En los documentos de los tribunales que confirman su admisión de culpa, Torneos y Competencias dijo a los fiscales que una de las filiales de una de las mayores televisoras de Latinoamérica había ayudado a pagar millones de dólares en sobornos para obtener los derechos para transmitir en Argentina, Paraguay y Uruguay los próximos cuatro mundiales. Mountrigi, la filial de Televisa, fue la que recibió esos derechos y de inmediato se los vendió a Burzaco, que había canalizado millones de dólares en sobornos para Julio Grondona, el responsable del comité de finanzas de la FIFA y uno de sus líderes más importantes hasta su muerte en 2014.

Televisa afirmó el año pasado que ninguno de sus empleados o los de Mountrigi, “no han hecho ningún pago indebido a funcionarios de la FIFA relacionados con la adquisición de derechos de transmisión de partidos de fútbol”.

La investigación también está en Suiza, donde las autoridades señalaron que un empresario anónimo había sobornado al ex secretario general de la FIFA, Jérôme Valcke a cambio de “otorgar los derechos de transmisión a ciertos países para los mundiales de la FIFA de 2018, 2022, 2026 y 2030”.
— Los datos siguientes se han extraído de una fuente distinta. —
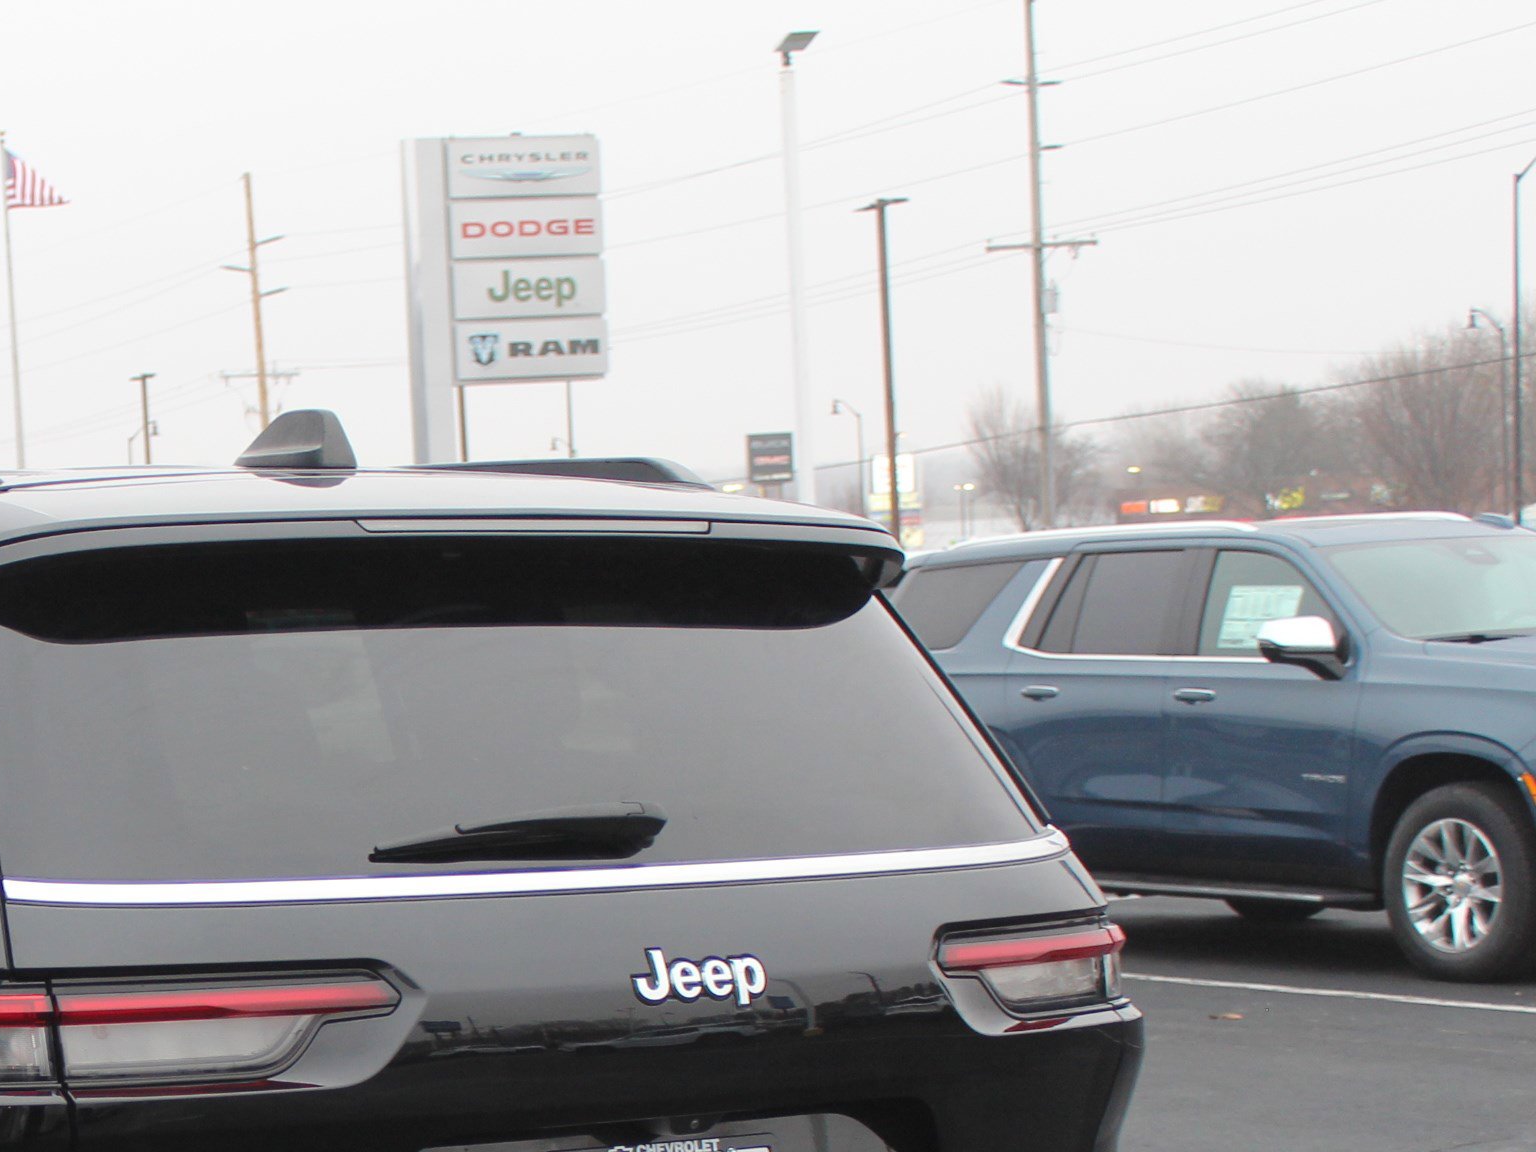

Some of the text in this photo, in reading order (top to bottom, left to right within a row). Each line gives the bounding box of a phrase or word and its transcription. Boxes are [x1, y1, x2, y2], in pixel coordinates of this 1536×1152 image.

Niclas Ericsson, el ejecutivo de la FIFA responsable de la división de televisión en esa época, no respondió a una solicitud para obtener mayor información. Suiza también acusó al empresario catarí Nasser al-Khelaifi, presidente del club francés de fútbol Paris Saint-Germain, de sobornr a Valcke a cambio de un paquete por separado, que incluía los derechos de transmisión de 2026 y 2030. Al-Khelaifi, quien niega las acusaciones, se reunió con los fiscales suizos el 25 de octubre.

Estados Unidos ha acusado a más de cuarenta personas y negocios por corrupción futbolística, y ha hecho públicos los detalles de los acuerdos por derechos de transmisión que tradicionalmente habían sido resguardados tras bambalinas con muy poco escrutinio externo.

Desde que se expuso a un poderoso grupo de empresarios brasileños y argentinos, algunas de las empresas más grandes del mundo dedicadas a los derechos de transmisión deportiva, entre ellas WME-IMG y Lagardère Sports and Entertainment, han logrado incursionar a un mercado que había estado cerrado para ellas durante décadas.

Mountrigi no ha firmado acuerdos en ninguno de los otros territorios que tiene en su poder para los eventos de 2026 y 2030. Eso indica que la empresa puede generar más ganancias de las que planeó a partir de la expansión del mundial y de un posible torneo con Estados Unidos, México y Canadá como anfitriones en 2026. La FIFA tiene ingresos superiores a 5,000 millones de dólares y dependen en un 90% de las copas mundiales.